_EXERCISE BRIEF_
Could you restate the data word for word and drop the pictures?

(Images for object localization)
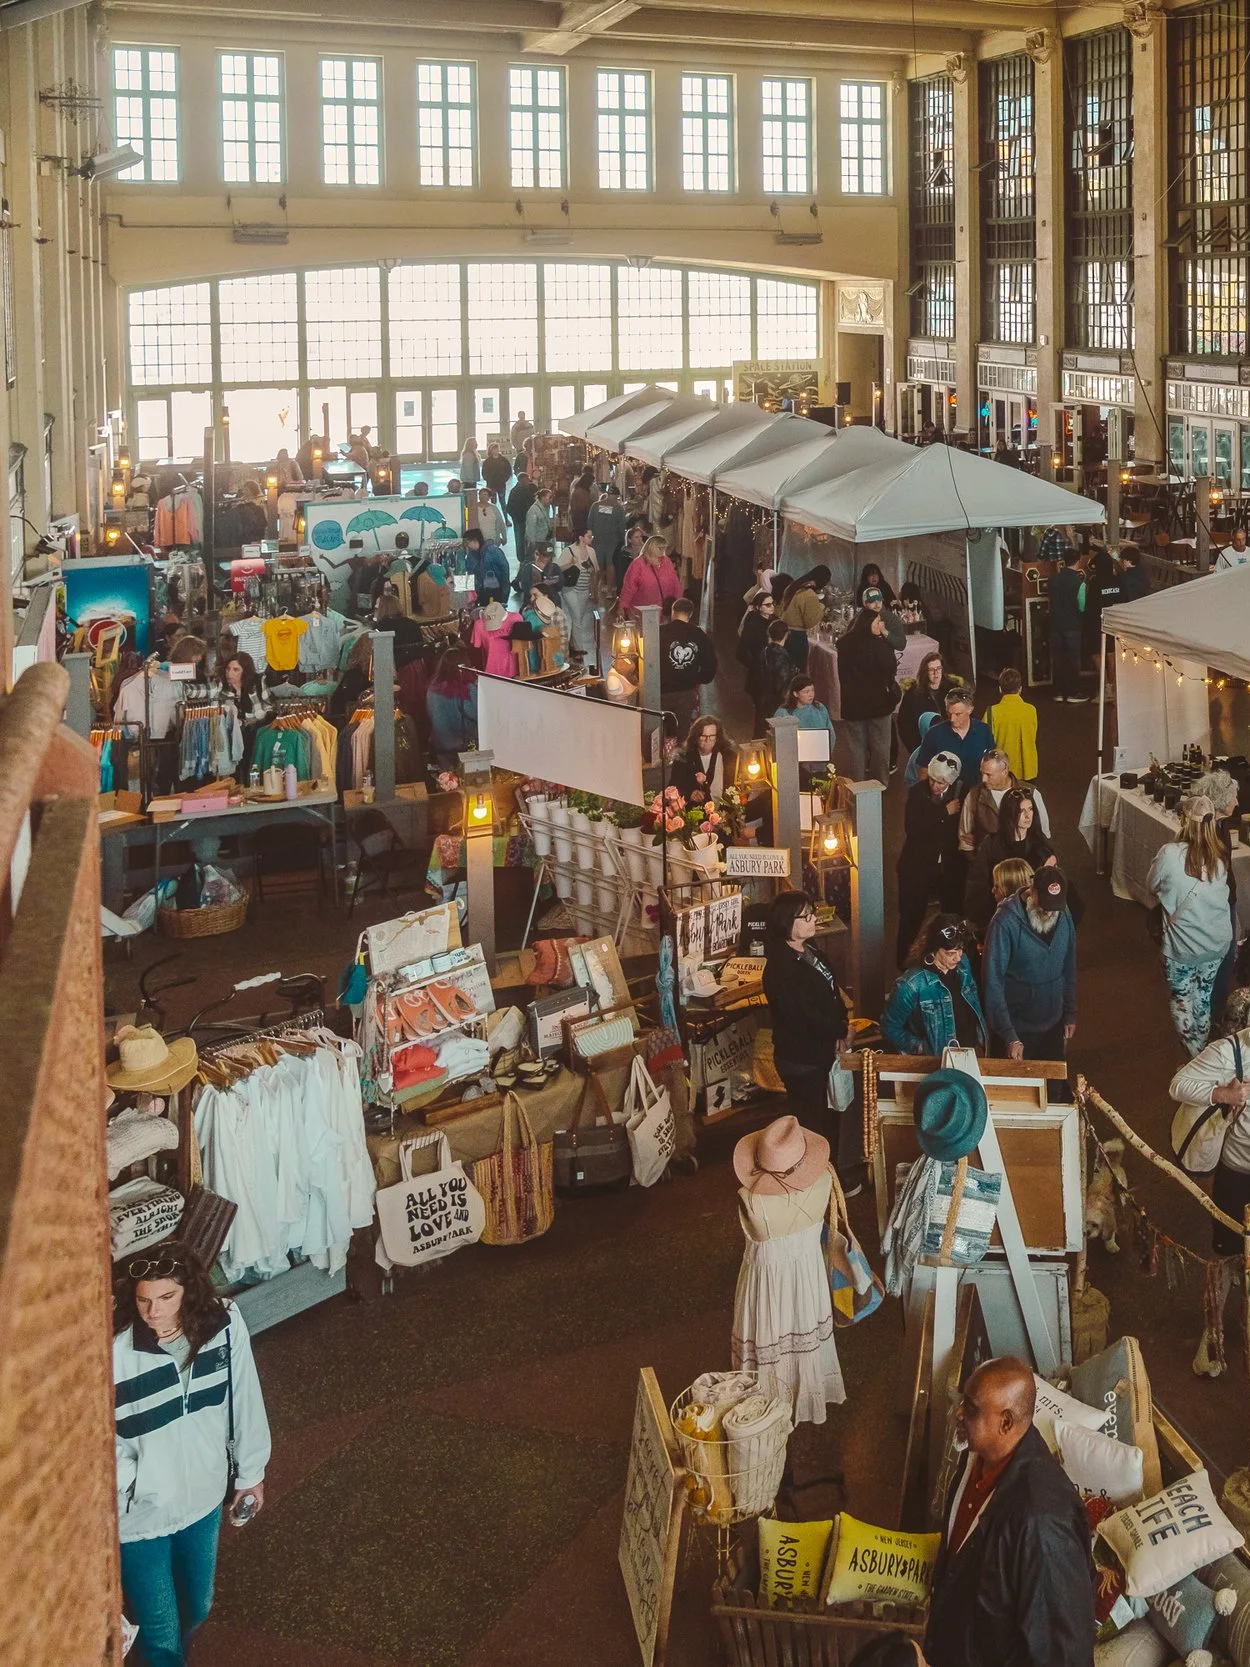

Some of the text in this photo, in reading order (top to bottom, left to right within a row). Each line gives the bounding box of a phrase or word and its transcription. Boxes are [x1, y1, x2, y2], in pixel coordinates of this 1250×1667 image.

[743, 361, 812, 372] SPACE STATION
[730, 860, 785, 874] ASBURY PARK
[726, 962, 763, 971] PICKLEBALL
[406, 1177, 467, 1210] ALL YOU
[135, 1204, 178, 1225] ALRIGHT
[407, 1193, 467, 1223] NEED IS
[133, 1224, 152, 1238] THE
[409, 1208, 469, 1242] LOVE AND
[412, 1234, 449, 1254] ASBURY
[1038, 1395, 1063, 1418] mrs.
[1131, 1496, 1180, 1546] IFE
[879, 1535, 913, 1550] NEW JERSEY
[849, 1547, 901, 1577] ASBURY
[864, 1582, 915, 1600] THE GARDEN STATE
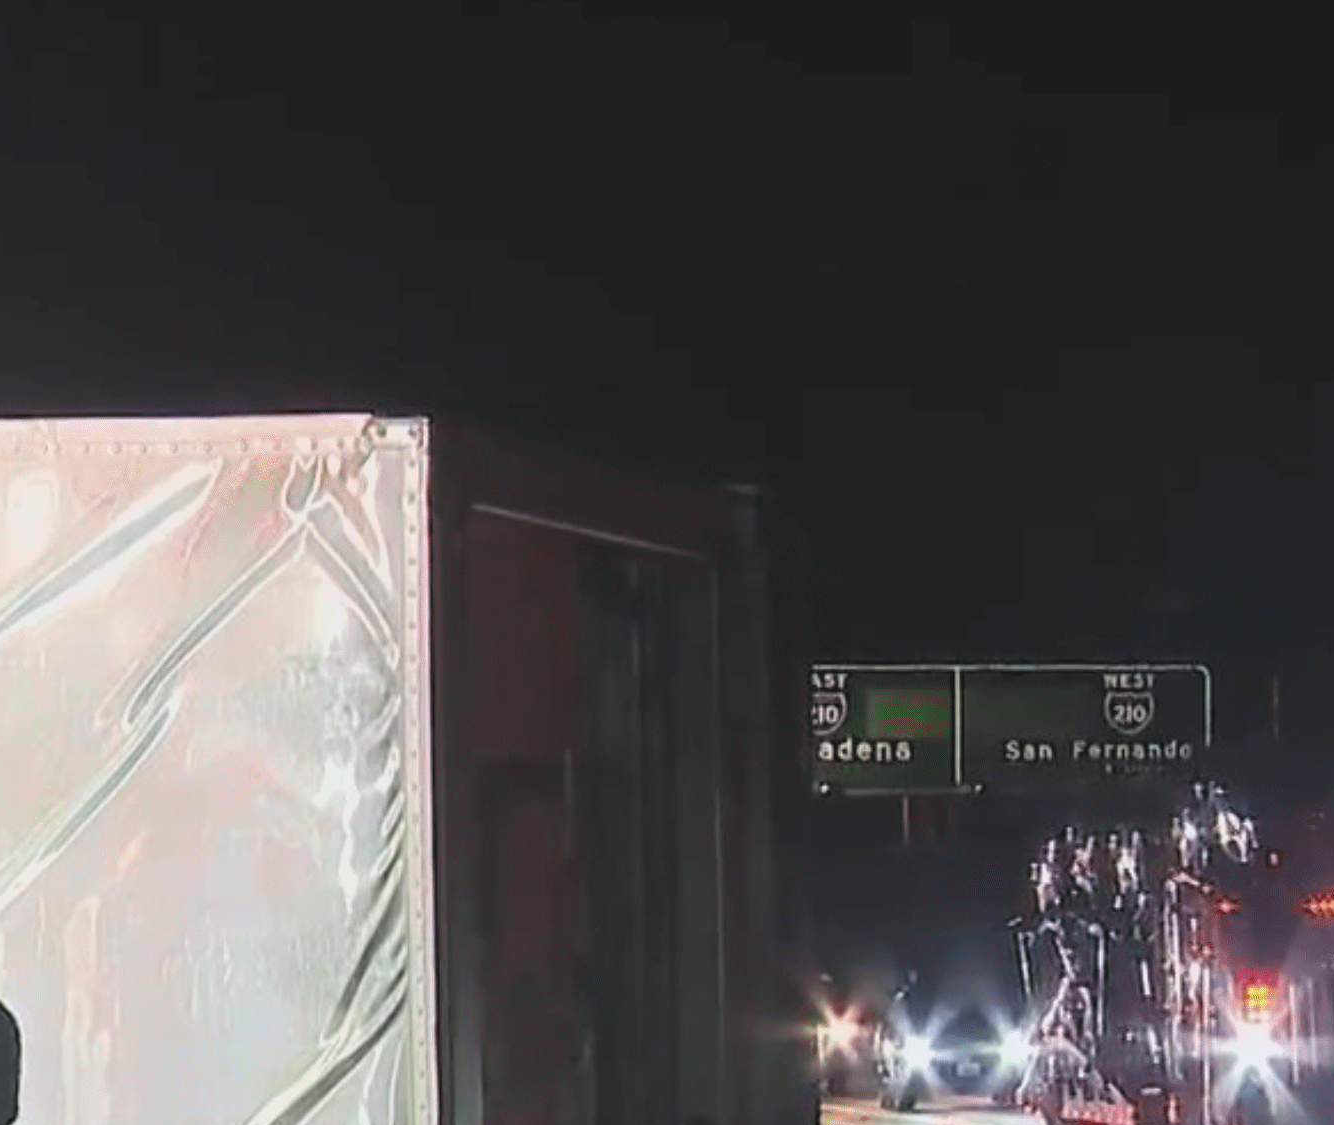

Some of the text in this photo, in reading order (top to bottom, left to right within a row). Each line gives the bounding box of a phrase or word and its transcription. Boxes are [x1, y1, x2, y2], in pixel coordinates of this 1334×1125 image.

_TASK ANSWER_
Some of the text in this photo, in reading order (top to bottom, left to right within a row). Each line gives the bounding box of a phrase or word and its transcription. Boxes are [x1, y1, x2, y2], in pixel coordinates of this 1250×1667 image.

[743, 361, 812, 372] SPACE STATION
[730, 860, 785, 874] ASBURY PARK
[726, 962, 763, 971] PICKLEBALL
[406, 1177, 467, 1210] ALL YOU
[135, 1204, 178, 1225] ALRIGHT
[407, 1193, 467, 1223] NEED IS
[133, 1224, 152, 1238] THE
[409, 1208, 469, 1242] LOVE AND
[412, 1234, 449, 1254] ASBURY
[1038, 1395, 1063, 1418] mrs.
[1131, 1496, 1180, 1546] IFE
[879, 1535, 913, 1550] NEW JERSEY
[849, 1547, 901, 1577] ASBURY
[864, 1582, 915, 1600] THE GARDEN STATE

Some of the text in this photo, in reading order (top to bottom, left to right within a row). Each line gives the bounding box of a phrase or word and its transcription. Boxes are [x1, y1, x2, y2], in pixel coordinates of this 1334×1125 image.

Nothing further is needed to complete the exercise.